Assignment: Take the entries below and write them out exactly, with each picture removed.

Supplied data:
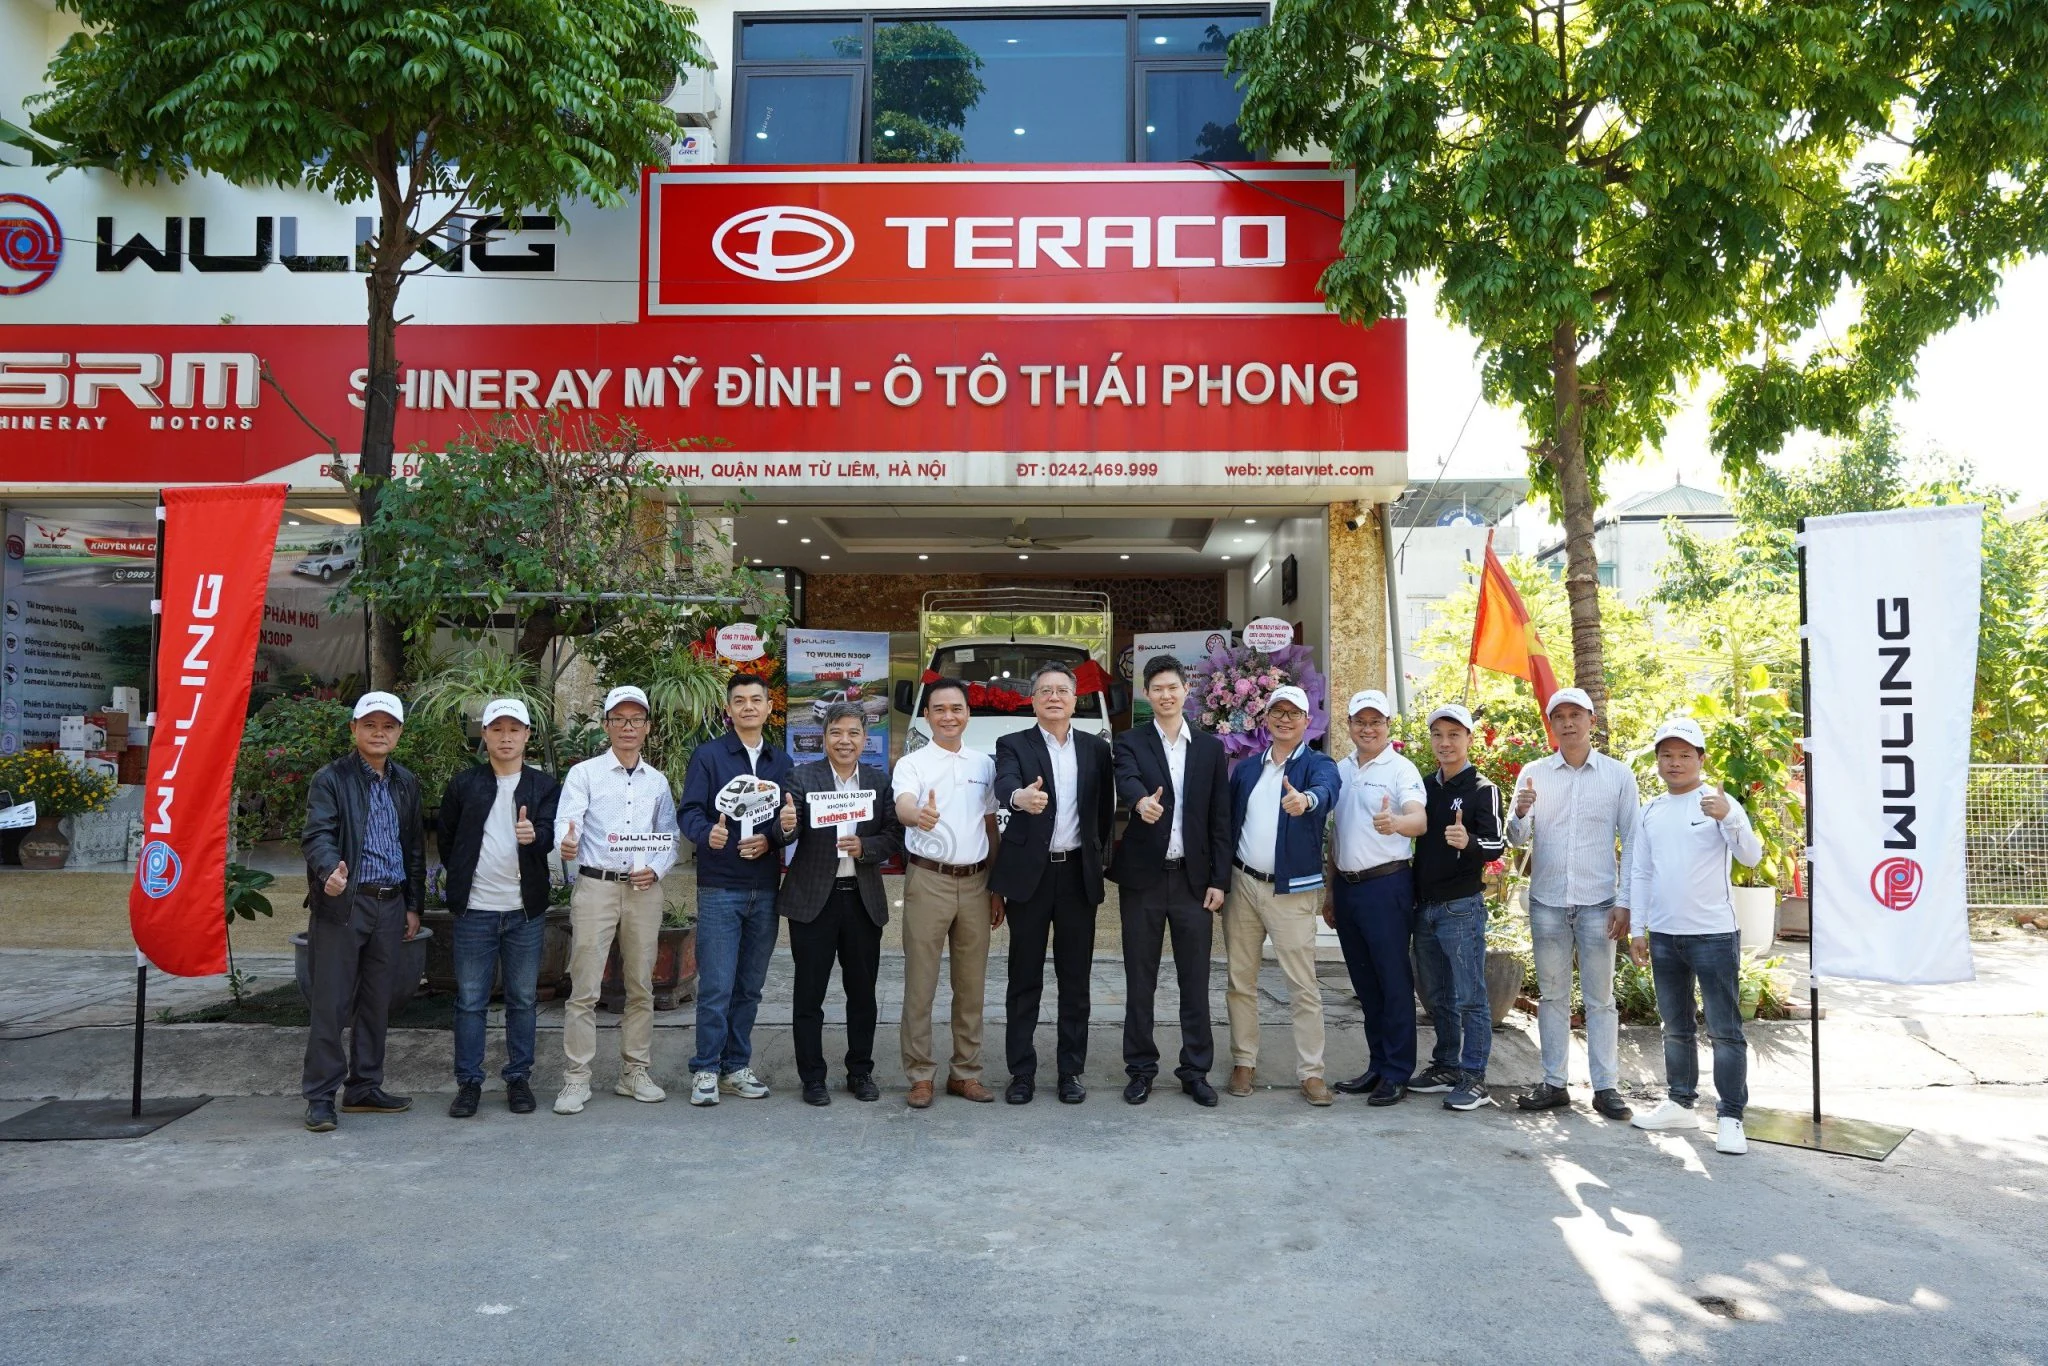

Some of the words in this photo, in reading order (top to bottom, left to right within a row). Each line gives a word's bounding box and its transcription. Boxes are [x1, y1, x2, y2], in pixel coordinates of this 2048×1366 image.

[96, 216, 556, 272] WULING
[885, 215, 1287, 269] TERACO
[0, 352, 260, 409] SRM
[347, 367, 613, 410] SHINERAY
[624, 354, 704, 410] MỸ
[713, 352, 842, 408] ĐÌNH
[883, 352, 923, 408] Ô
[935, 351, 1008, 408] TÔ
[1020, 351, 1146, 407] THÁI
[1162, 361, 1359, 408] PHONG
[0, 415, 107, 430] HINERAY
[150, 415, 253, 431] MOTORS
[711, 461, 758, 482] QUẬN
[764, 464, 801, 478] NAM
[808, 460, 832, 478] TỪ
[838, 461, 880, 479] LIÊM,
[888, 461, 911, 477] HÀ
[917, 460, 946, 480] NỘI
[1225, 464, 1263, 477] web:
[1266, 464, 1375, 477] xetaiviet.com
[127, 571, 150, 579] 0989
[259, 629, 293, 648] N300P
[81, 642, 94, 653] GM
[806, 651, 816, 659] TQ
[817, 651, 847, 659] WULING
[847, 652, 871, 660] N300P
[150, 574, 224, 834] WULING
[1876, 597, 1917, 850] WULING
[810, 793, 820, 801] TQ
[820, 792, 849, 800] WULING
[850, 791, 873, 799] N300P
[754, 800, 779, 815] WULING
[849, 806, 867, 819] THẾ
[752, 812, 772, 824] N300P
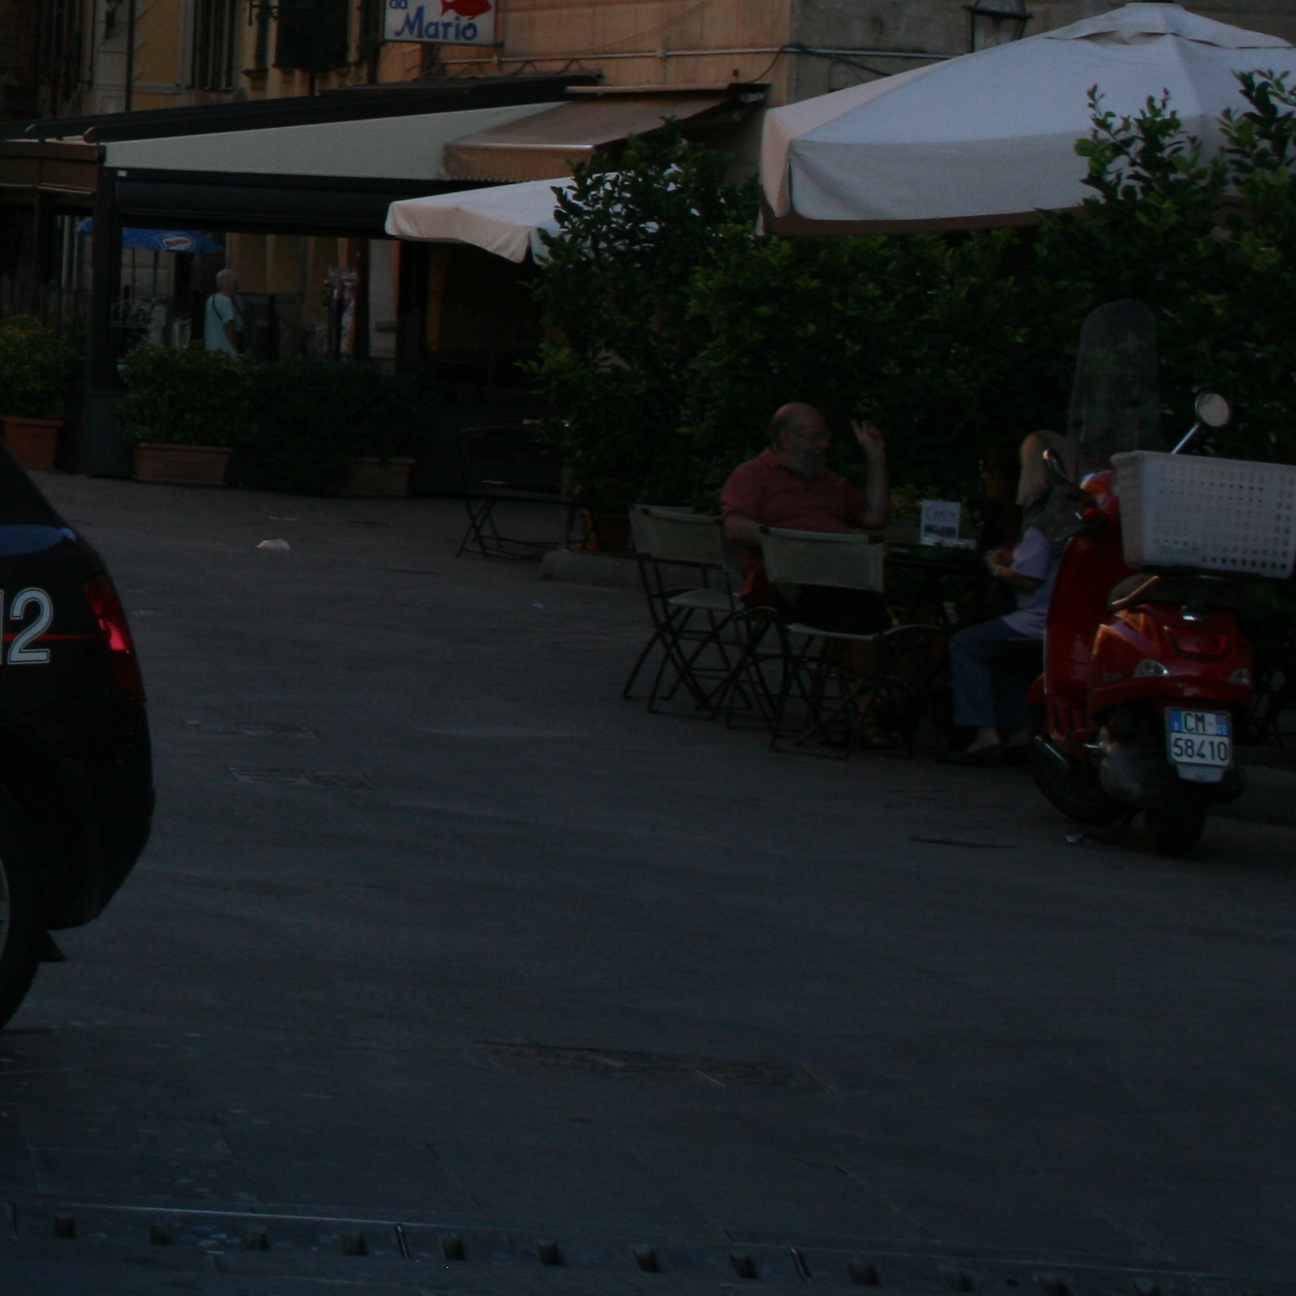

Task output:
Some of the words in this photo, in reading order (top to bottom, left to right within a row). Each line gives a word's bounding box and its transcription. Boxes are [x1, y1, x2, y2], in pixel coordinates of this 2048×1366 image.

[96, 216, 556, 272] WULING
[885, 215, 1287, 269] TERACO
[0, 352, 260, 409] SRM
[347, 367, 613, 410] SHINERAY
[624, 354, 704, 410] MỸ
[713, 352, 842, 408] ĐÌNH
[883, 352, 923, 408] Ô
[935, 351, 1008, 408] TÔ
[1020, 351, 1146, 407] THÁI
[1162, 361, 1359, 408] PHONG
[0, 415, 107, 430] HINERAY
[150, 415, 253, 431] MOTORS
[711, 461, 758, 482] QUẬN
[764, 464, 801, 478] NAM
[808, 460, 832, 478] TỪ
[838, 461, 880, 479] LIÊM,
[888, 461, 911, 477] HÀ
[917, 460, 946, 480] NỘI
[1225, 464, 1263, 477] web:
[1266, 464, 1375, 477] xetaiviet.com
[127, 571, 150, 579] 0989
[259, 629, 293, 648] N300P
[81, 642, 94, 653] GM
[806, 651, 816, 659] TQ
[817, 651, 847, 659] WULING
[847, 652, 871, 660] N300P
[150, 574, 224, 834] WULING
[1876, 597, 1917, 850] WULING
[810, 793, 820, 801] TQ
[820, 792, 849, 800] WULING
[850, 791, 873, 799] N300P
[754, 800, 779, 815] WULING
[849, 806, 867, 819] THẾ
[752, 812, 772, 824] N300P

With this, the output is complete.